Я подошел к Игнатию Павловичу. Его круглое мясистое лицо выражало полное удовольствие, узкие голубые глаза сияли, под расстегнутым ватником сверкали головки медных гильз, отвороты огромных резиновых сапог воинственно топорщились.
— Хорошо! — сказал он. — А заяц-то как, а? Меж пальцев проскочил! Обоих обманул.
После недолгой перемолчки смычок[3] повел болотистыми мелочами по краю больших полей и сошел со слуха. Идти за собаками не хотелось — как-то разморил этот погожий и дремотный день. Я сел на поваленную сосенку, прислонился к другой, вытянул ноги, закрыл глаза и почти уснул. Наконец послышался далекий гон; неожиданно быстро приблизился, и, когда казалось, что вот-вот покажется заяц, гончие скололись — примолкли на потерянном следу. Мне с бугра было слышно, как внизу потрескивают сучки и громко хлюпает вода, словно там не собаки, а утки полощутся. Заяц явно запал где-то на кочке в залитой водой низине.
Когда я начал уже беспокоиться, в низине обиженно, по-щенячьи тонко пискнул Листопад, и тотчас дико вскрикнула и взахлеб залилась Пороша.
Заяц промок. Поголубевший и тонкий, он летал по склону, как мяч, брошенный сильной рукой, мчался в ту сторону, где на полянке, в частом ельнике, стоял на лазу Игнатий Павлович.
Место плотное, гончие ведут на глазок, это стрельба почти влет, а может быть, и потруднее. Мой спутник, как он сам сказал, гончатник, и только гончатник, с легавой не хаживал, на стенде не бывал. Промах был неизбежен. «Ох! Ох!» — басовито ухнули выстрелы, разорвав осеннюю тишину. Сизое облако дымного пороха выползло на просеку.
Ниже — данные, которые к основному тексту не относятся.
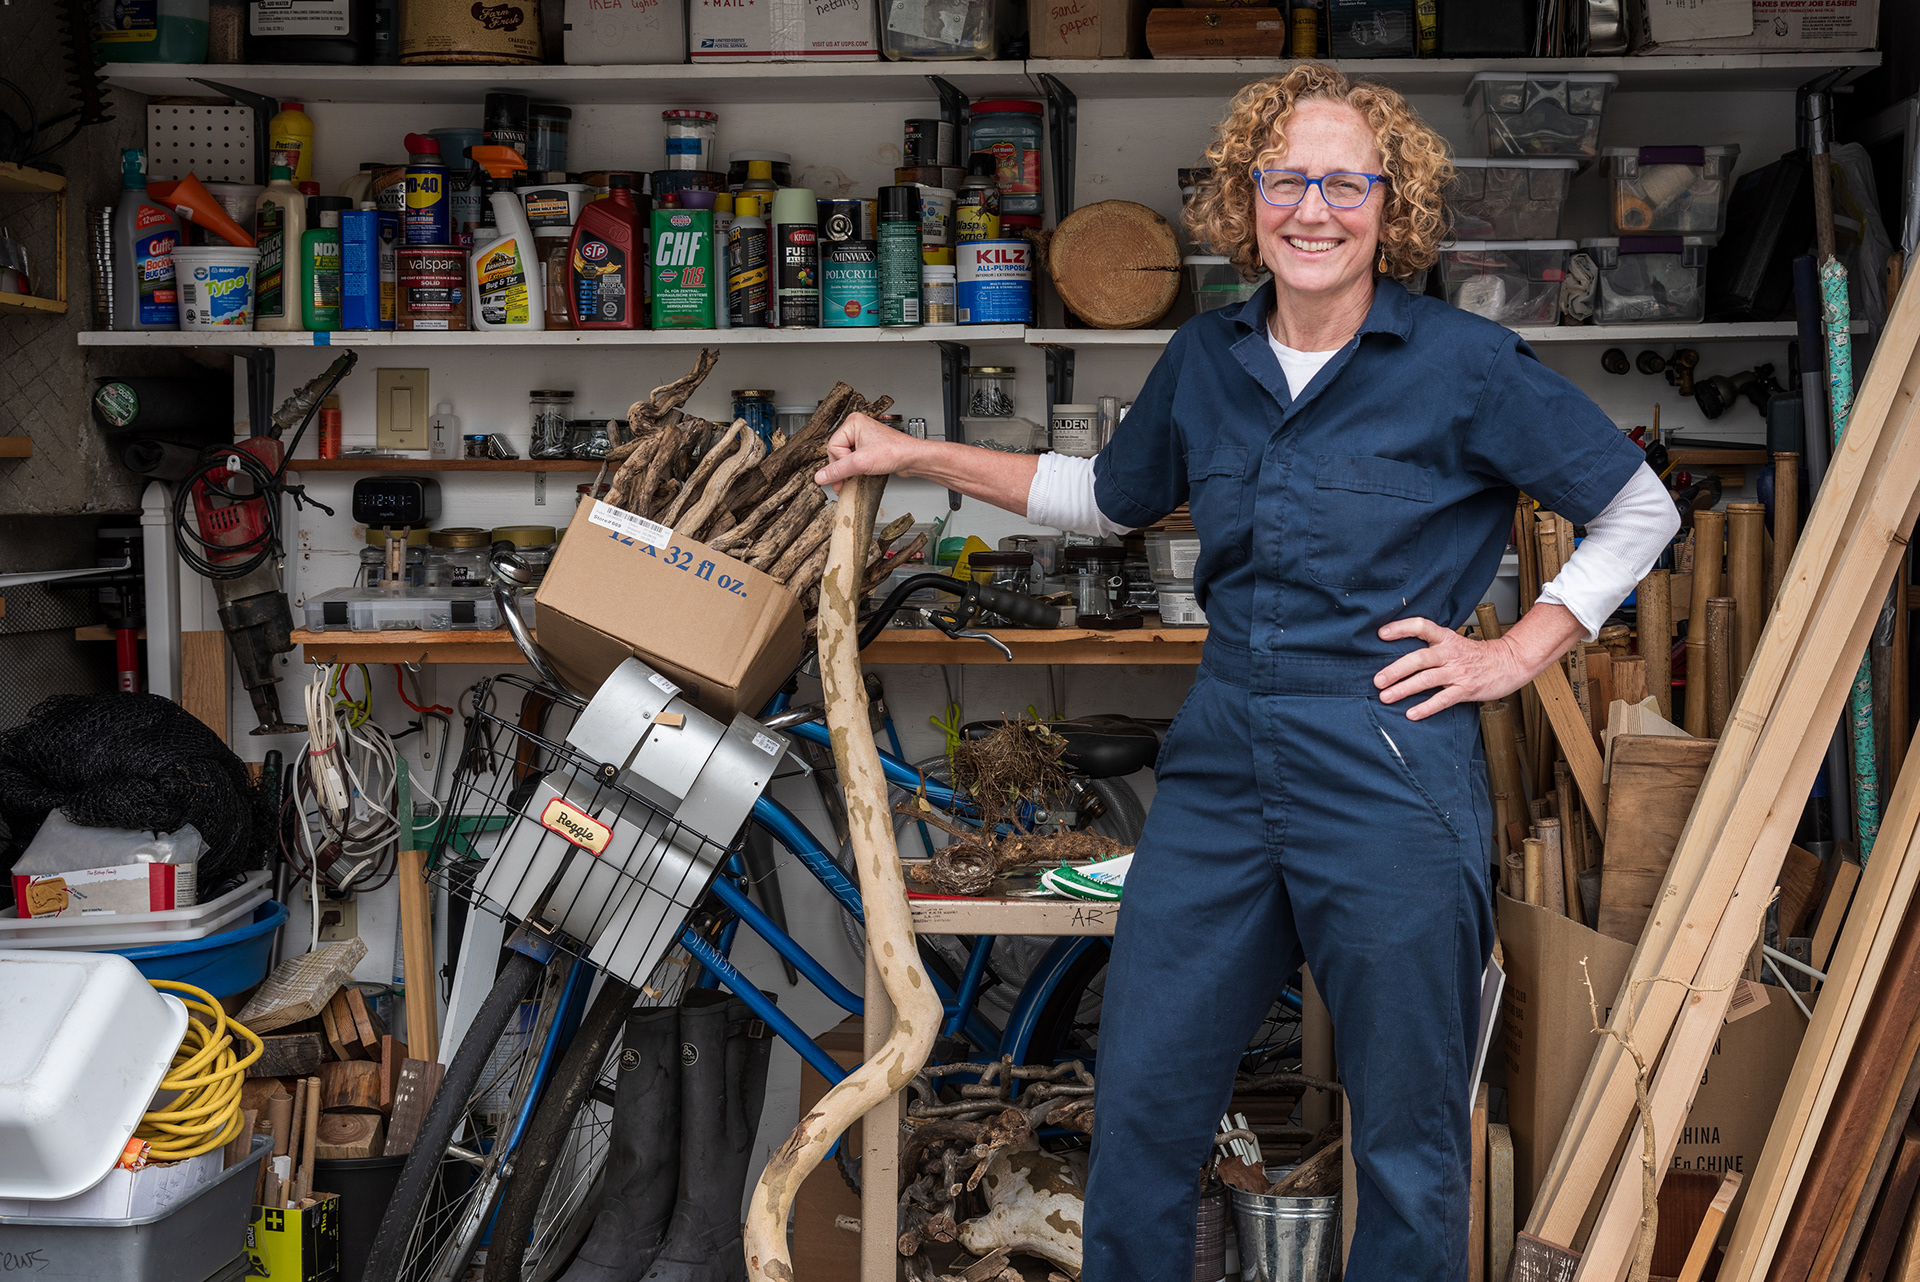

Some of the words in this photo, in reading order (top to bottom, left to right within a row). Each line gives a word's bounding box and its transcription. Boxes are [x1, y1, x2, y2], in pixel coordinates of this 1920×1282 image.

[589, 0, 622, 10] IKEA
[816, 0, 859, 15] netting
[1051, 0, 1087, 20] sand-
[479, 8, 509, 20] Farm
[489, 14, 520, 28] Fresh
[1060, 16, 1098, 45] paper
[450, 181, 469, 191] WAX
[150, 214, 166, 222] WEEKS
[314, 243, 340, 256] NOX
[585, 244, 605, 258] STP
[655, 232, 703, 266] CHF
[785, 247, 816, 256] FUSIO
[976, 249, 1026, 264] KILZ
[146, 258, 174, 271] Backy
[314, 256, 321, 266] 7
[409, 256, 455, 273] valspar
[834, 252, 872, 262] MINWAX
[506, 275, 519, 284] Tar
[681, 267, 706, 285] 11S
[826, 269, 878, 280] POLYCRYLI
[204, 276, 245, 298] Type
[245, 271, 252, 285] 1
[579, 280, 592, 315] HIGH
[369, 494, 405, 507] 12:41
[664, 546, 694, 573] 32
[694, 559, 716, 583] fl
[718, 573, 749, 599] oz.
[556, 811, 595, 842] Reggie
[683, 928, 739, 981] OLUMBIA
[1697, 1155, 1744, 1174] CHINE
[248, 1225, 257, 1249] RYOBI
[0, 1249, 50, 1273] ews
— Дош-е-ел? — донеслось из ельника.
Мы сошлись на сухой поляне у большого камня.
Я встал на него и не отрываясь смотрел на удивительную картину, открывшуюся с лесного бугорка. Низкое и неяркое солнце пожелтило еловые вершины, теплым светом обласкало озябший ивняк, сталью отсвечивало на мокрых стволах осин. В туманной дымке синели острова на моховом болоте, и все это покоилось в совершенной тишине, словно в глубокой дреме.
Чудесный день, приятная охота, и мой спутник, кажется, дельный охотник. Непростой был выстрел, очень непростой. Как все хорошо и радостно!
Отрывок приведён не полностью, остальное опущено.